__INFORMATION__
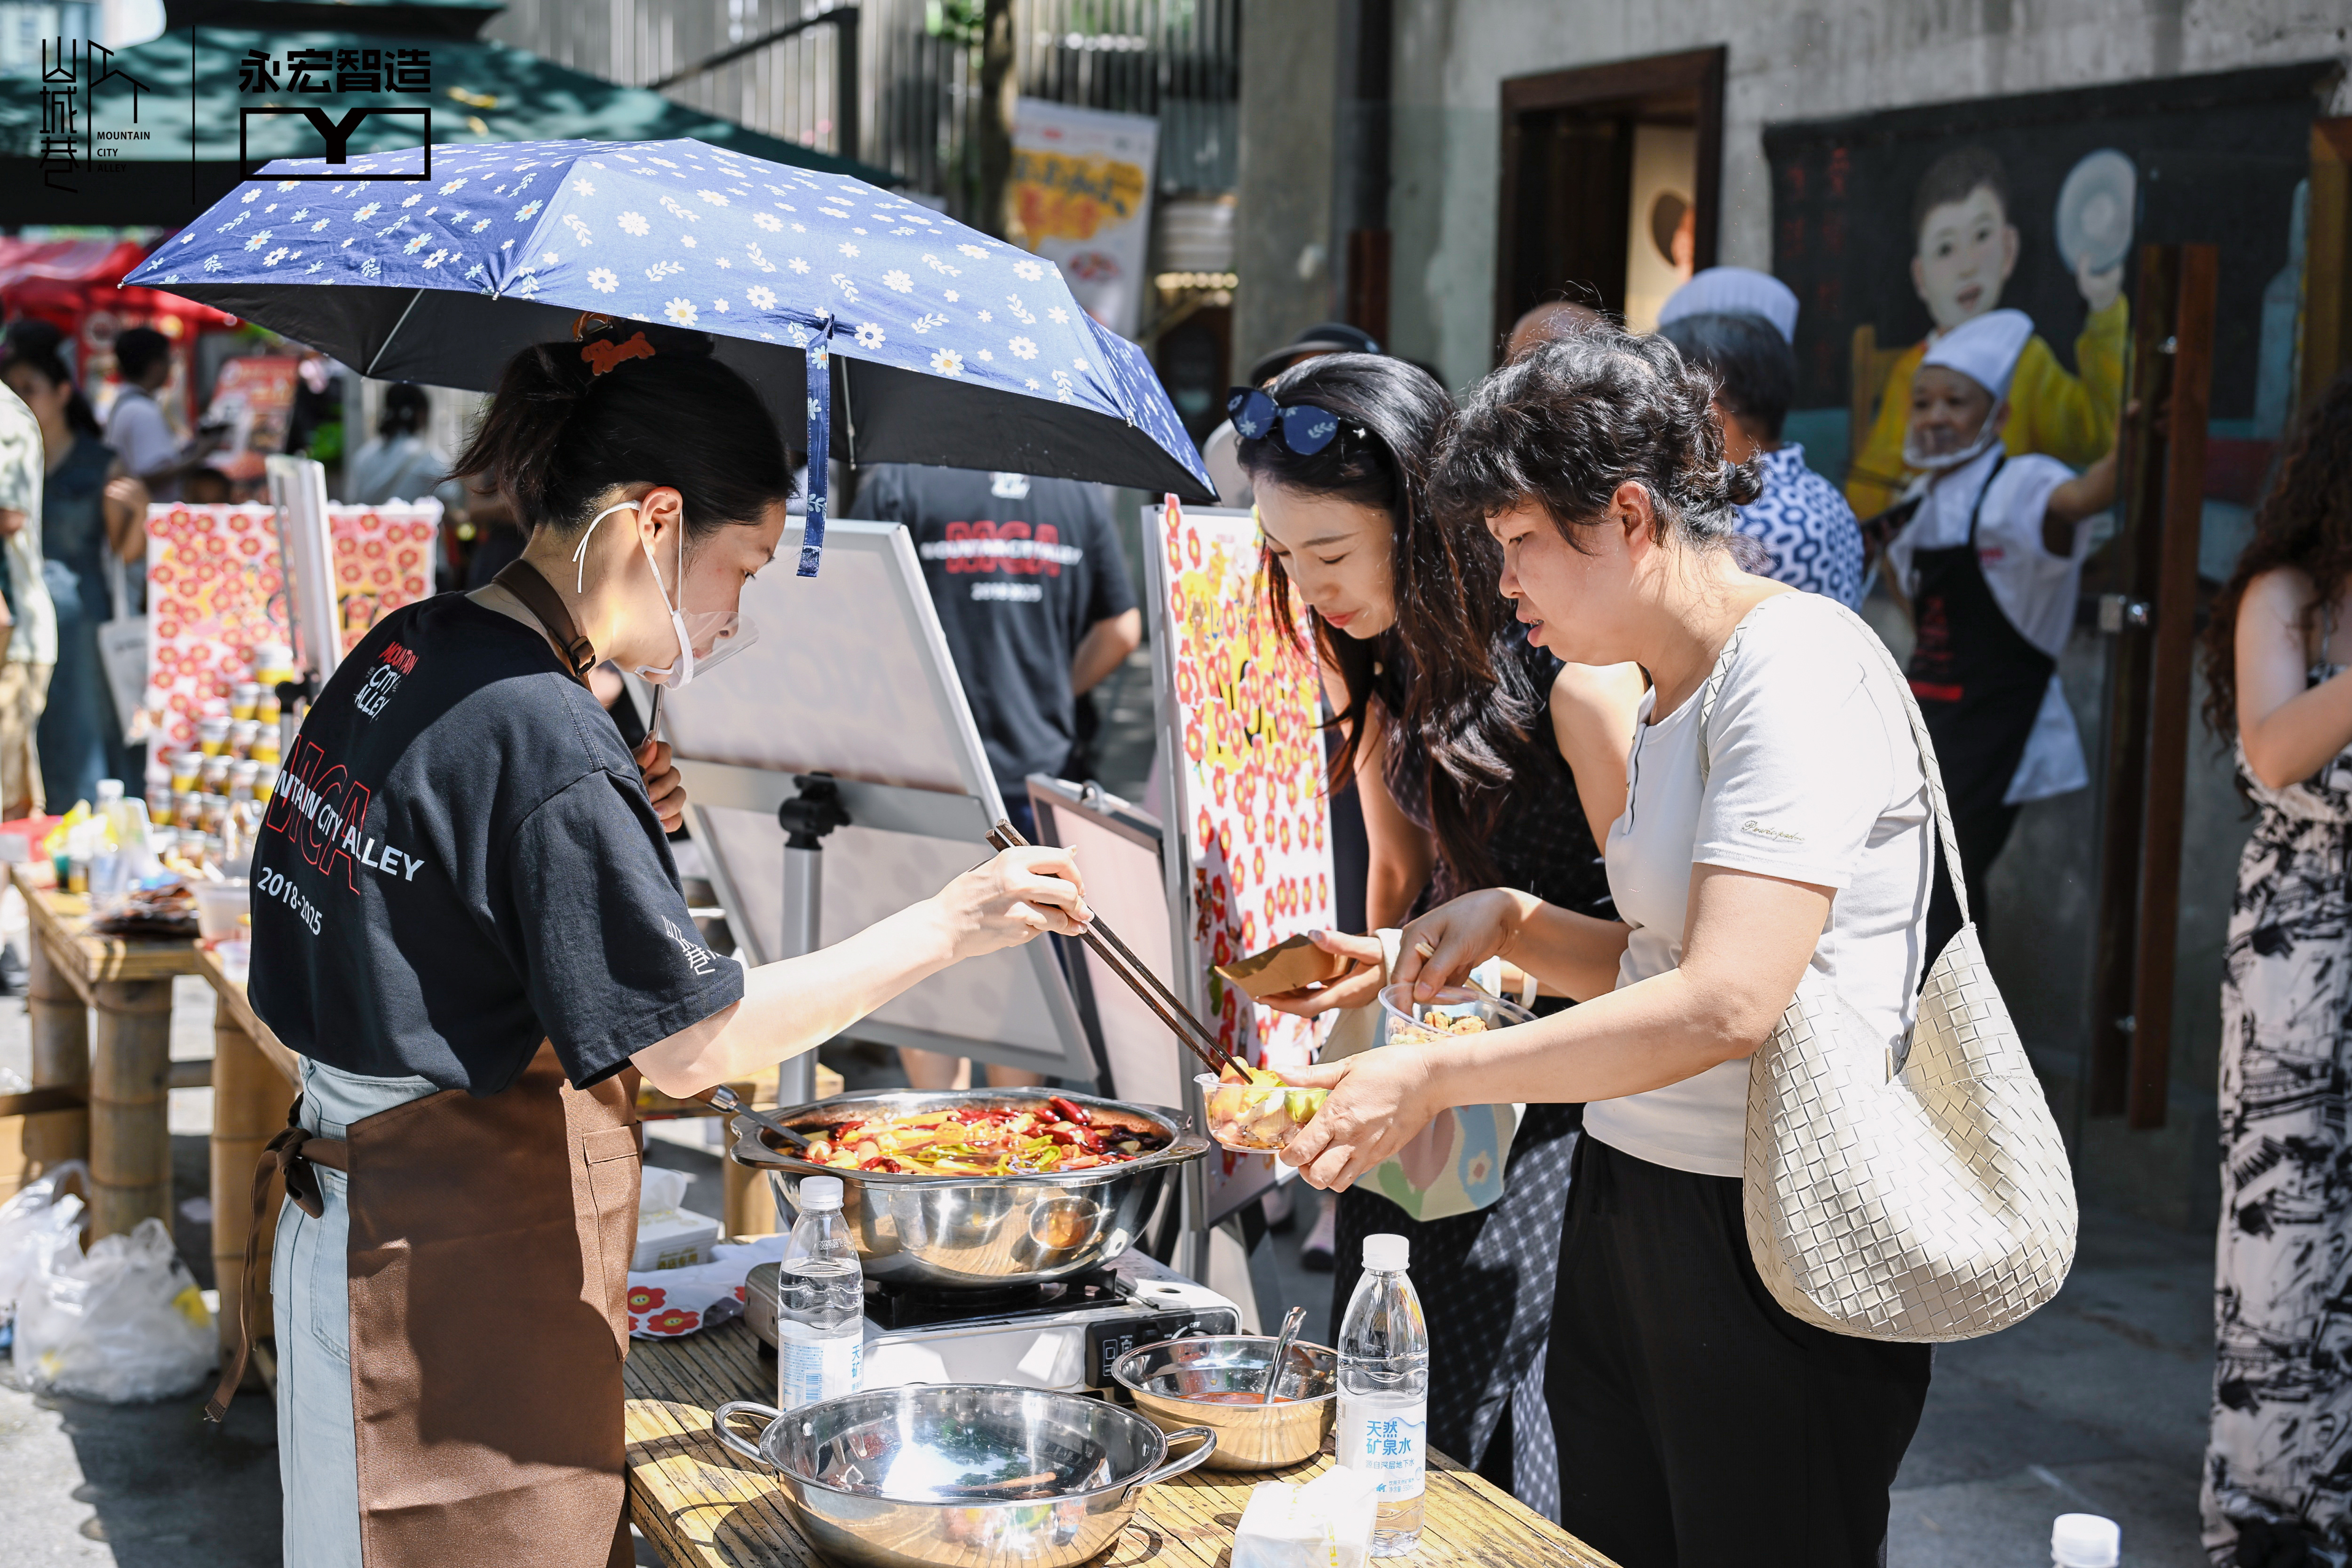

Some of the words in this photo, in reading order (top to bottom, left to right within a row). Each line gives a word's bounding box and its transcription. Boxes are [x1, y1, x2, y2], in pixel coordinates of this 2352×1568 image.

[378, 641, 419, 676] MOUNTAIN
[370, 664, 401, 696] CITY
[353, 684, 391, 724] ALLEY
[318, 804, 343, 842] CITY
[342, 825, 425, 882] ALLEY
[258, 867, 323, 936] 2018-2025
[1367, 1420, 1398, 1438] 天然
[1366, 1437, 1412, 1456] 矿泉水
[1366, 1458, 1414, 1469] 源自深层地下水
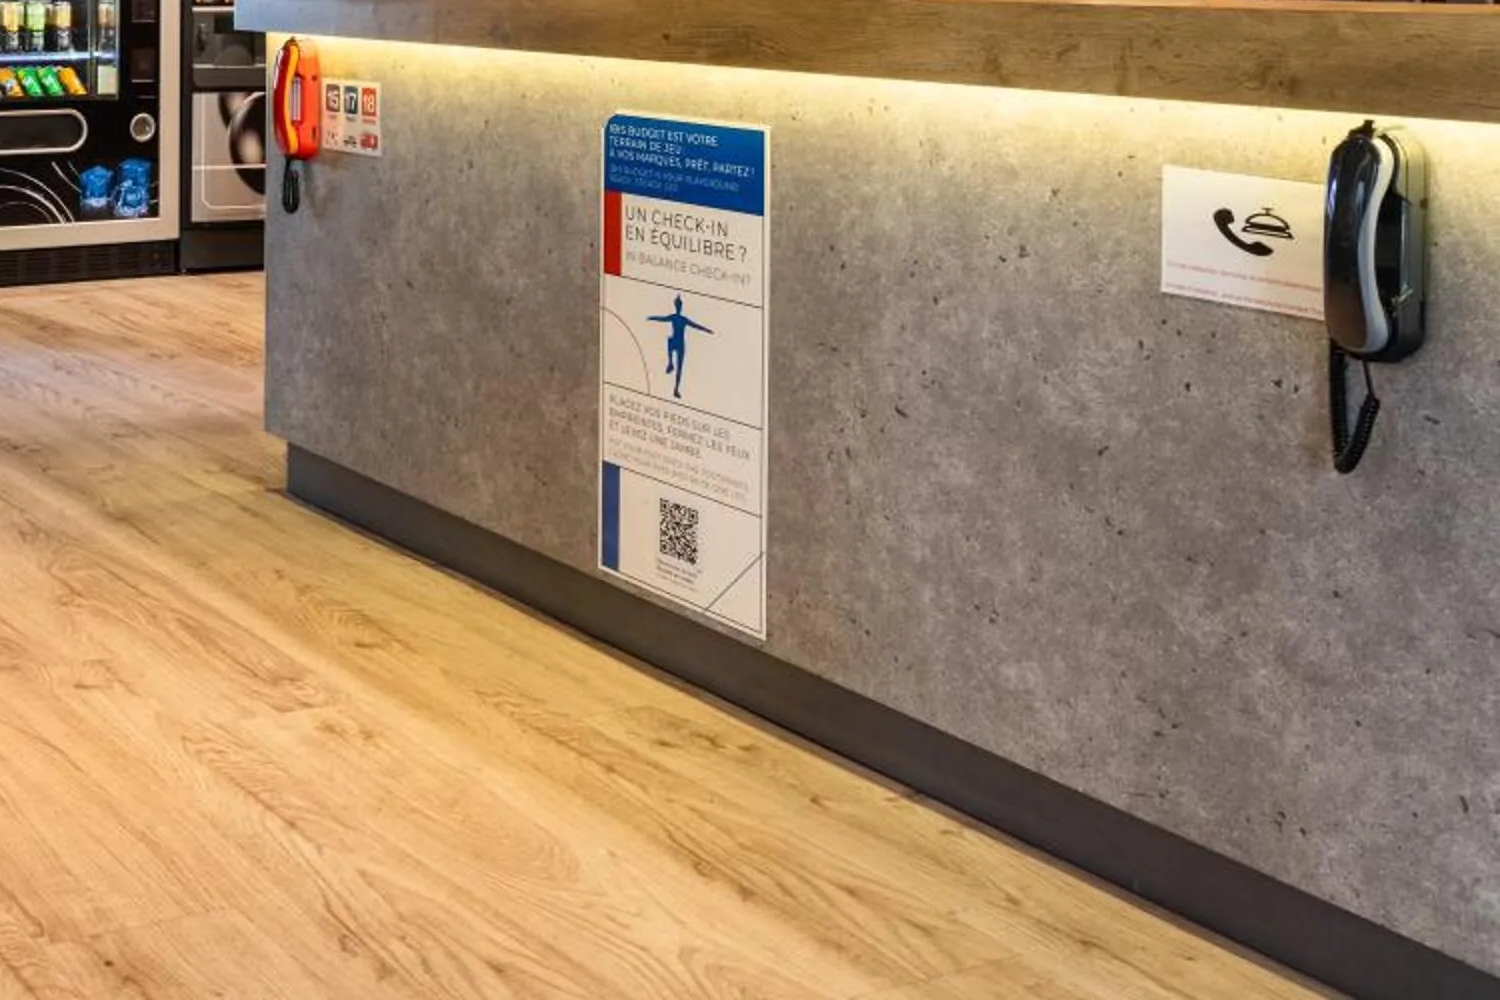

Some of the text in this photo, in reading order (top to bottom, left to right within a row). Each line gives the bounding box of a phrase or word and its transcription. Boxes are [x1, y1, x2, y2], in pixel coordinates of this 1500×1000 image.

__INSTRUCTIONS TO FOLLOW__
Give back the material above exactly as written, but omit the images.

__ANSWER TO THE EXERCISE__
Some of the words in this photo, in reading order (top to bottom, left to right within a row). Each line gives a word's bounding box and its transcription. Boxes are [x1, y1, x2, y2], in pixel coordinates of this 2352×1568 image.

[378, 641, 419, 676] MOUNTAIN
[370, 664, 401, 696] CITY
[353, 684, 391, 724] ALLEY
[318, 804, 343, 842] CITY
[342, 825, 425, 882] ALLEY
[258, 867, 323, 936] 2018-2025
[1367, 1420, 1398, 1438] 天然
[1366, 1437, 1412, 1456] 矿泉水
[1366, 1458, 1414, 1469] 源自深层地下水

Some of the text in this photo, in reading order (top to bottom, left to right within a row). Each line gives the bounding box of a phrase or word and its transcription. Boxes are [x1, y1, x2, y2], in pixel coordinates of this 1500×1000 image.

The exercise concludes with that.